Fundado em 16 de julho de 1962, o TEA já nasceu com a preocupação de instituir um fazer teatral pautado na pesquisa, levando os atores a se entenderem enquanto seres humanos e a questionarem suas relações  com o próprio território.

“Pensando nisso Arary Marrocos e Argemiro Pascoal, juntamente com um grupo de artistas, decidiram criar um grupo de teatro que proporcionasse esse novo olhar. O casal então transforma a garagem de sua casa em um teatro e desde sua fundação oferece um Curso de iniciação teatral gratuito“, conta Pedro Henrique, integrante e professor do TEA.

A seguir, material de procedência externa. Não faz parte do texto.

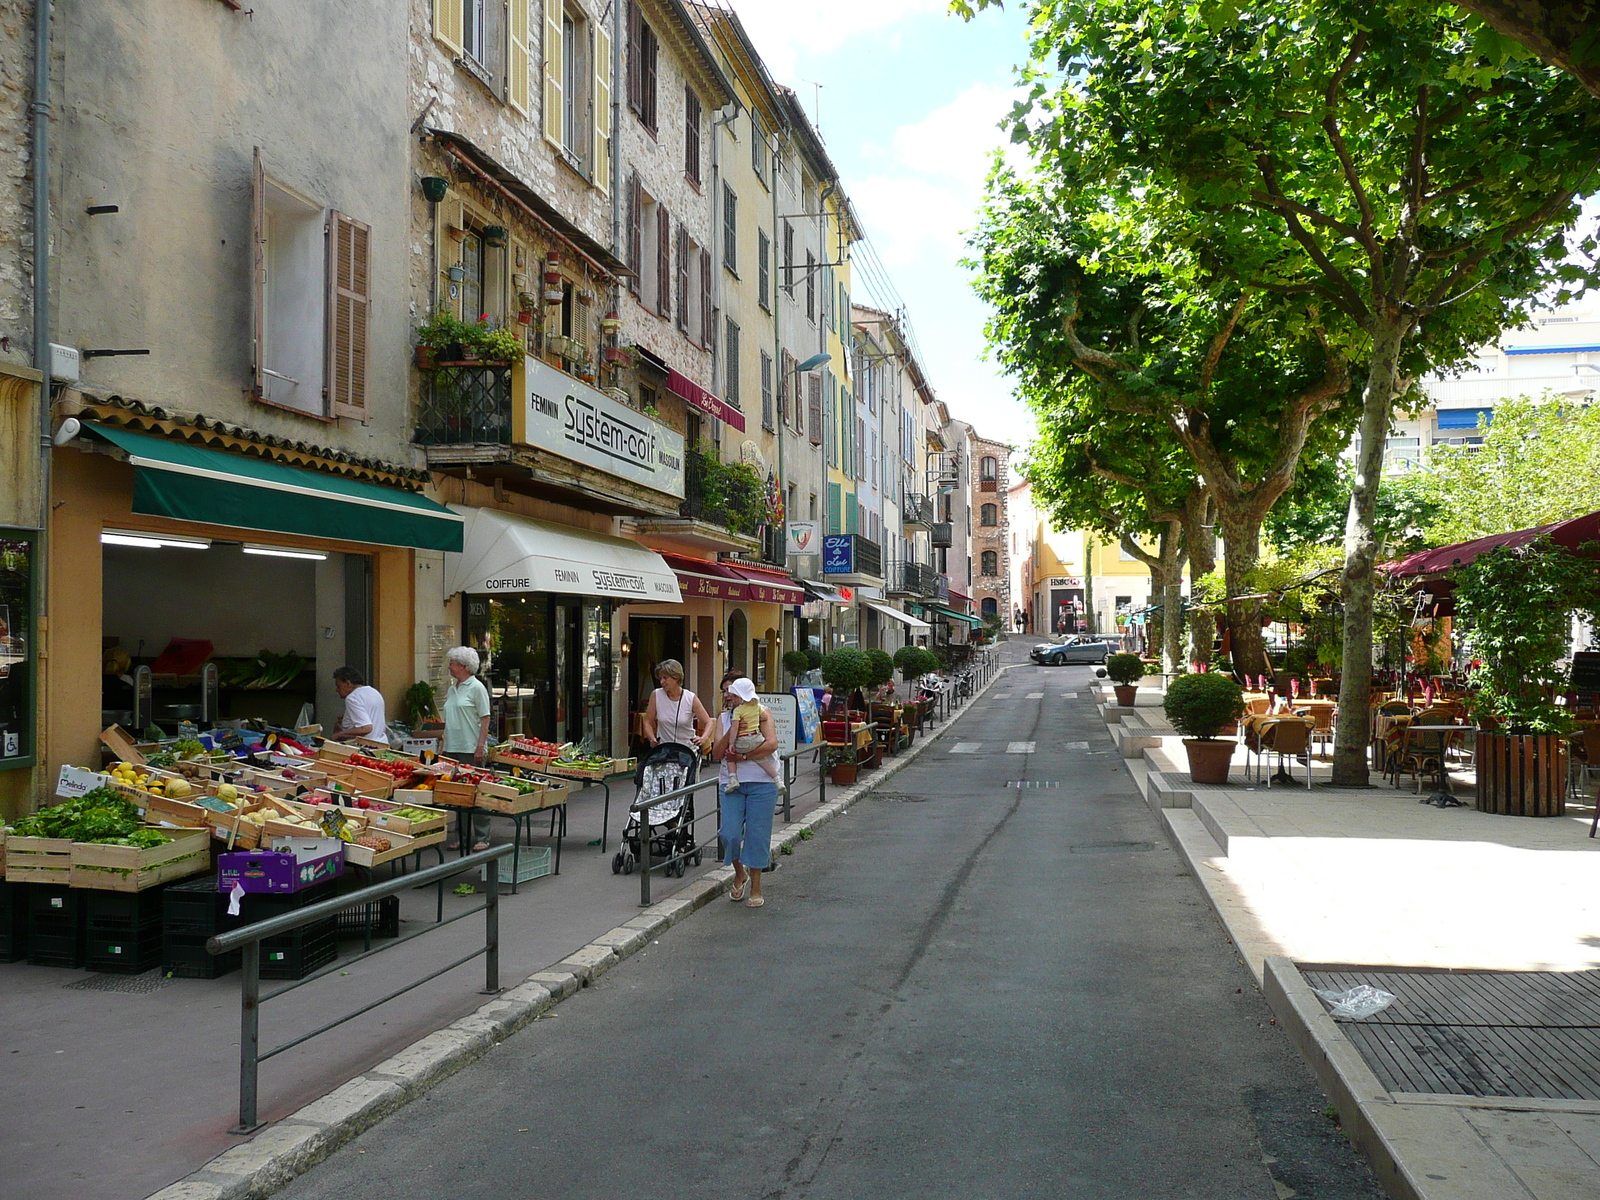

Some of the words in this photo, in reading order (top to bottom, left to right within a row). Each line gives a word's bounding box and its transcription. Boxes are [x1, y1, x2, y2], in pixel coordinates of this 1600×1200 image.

Grupo é o segundo mais antigo em funcionamento no Brasil
O TEA oferece curso de iniciação teatral gratuito (Foto: Arquivo pessoal)

Atualmente, o Teatro Experimental de Artes é o segundo grupo mais antigo em atividades ininterruptas do Brasil, além de ser Patrimônio Vivo de Pernambuco e Ponto de Cultura do Estado.

Com a intenção de fomentar ainda mais a produção artística no meio estudantil, o filho do casal, Fábio Pascoal, e Chico Neto, criaram o Festival de Teatro do Agreste (FETEAG), em 1981. Hoje, o festival já é reconhecido internacionalmente.

“Além dos quase 80 espetáculos encenados ao longo dos 60 anos, temos as oficinas de iniciação, seminários, oficinas de formação e o Festival”, completa.

Auto da Compadecida

Há 12 anos, o TEA tem em cartaz o espetáculo Auto da Compadecida, uma grande celebração a cultura popular, ao folguedo Cavalo Marinho e obra e memória do Mestre Ariano Suassuna.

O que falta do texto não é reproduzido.